(Spatial localization data)
BEGIN

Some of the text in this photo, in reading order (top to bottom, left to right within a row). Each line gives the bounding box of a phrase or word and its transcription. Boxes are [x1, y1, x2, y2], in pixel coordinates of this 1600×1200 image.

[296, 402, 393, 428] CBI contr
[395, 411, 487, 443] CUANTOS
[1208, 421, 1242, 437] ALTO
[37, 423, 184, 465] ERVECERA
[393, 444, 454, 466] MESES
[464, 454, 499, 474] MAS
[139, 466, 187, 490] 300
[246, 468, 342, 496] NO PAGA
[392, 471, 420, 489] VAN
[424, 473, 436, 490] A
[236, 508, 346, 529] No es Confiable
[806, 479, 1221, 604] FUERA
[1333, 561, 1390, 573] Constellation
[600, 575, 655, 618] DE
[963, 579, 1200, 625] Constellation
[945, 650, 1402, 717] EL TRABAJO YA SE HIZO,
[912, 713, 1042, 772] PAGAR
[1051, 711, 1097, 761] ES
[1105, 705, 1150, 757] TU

END

◆ WORK INSTRUCTION: Give the records again, exactly as they appear.

◆ ANSWER TO THIS EXERCISE:
Some of the text in this photo, in reading order (top to bottom, left to right within a row). Each line gives the bounding box of a phrase or word and its transcription. Boxes are [x1, y1, x2, y2], in pixel coordinates of this 1600×1200 image.

[296, 402, 393, 428] CBI contr
[395, 411, 487, 443] CUANTOS
[1208, 421, 1242, 437] ALTO
[37, 423, 184, 465] ERVECERA
[393, 444, 454, 466] MESES
[464, 454, 499, 474] MAS
[139, 466, 187, 490] 300
[246, 468, 342, 496] NO PAGA
[392, 471, 420, 489] VAN
[424, 473, 436, 490] A
[236, 508, 346, 529] No es Confiable
[806, 479, 1221, 604] FUERA
[1333, 561, 1390, 573] Constellation
[600, 575, 655, 618] DE
[963, 579, 1200, 625] Constellation
[945, 650, 1402, 717] EL TRABAJO YA SE HIZO,
[912, 713, 1042, 772] PAGAR
[1051, 711, 1097, 761] ES
[1105, 705, 1150, 757] TU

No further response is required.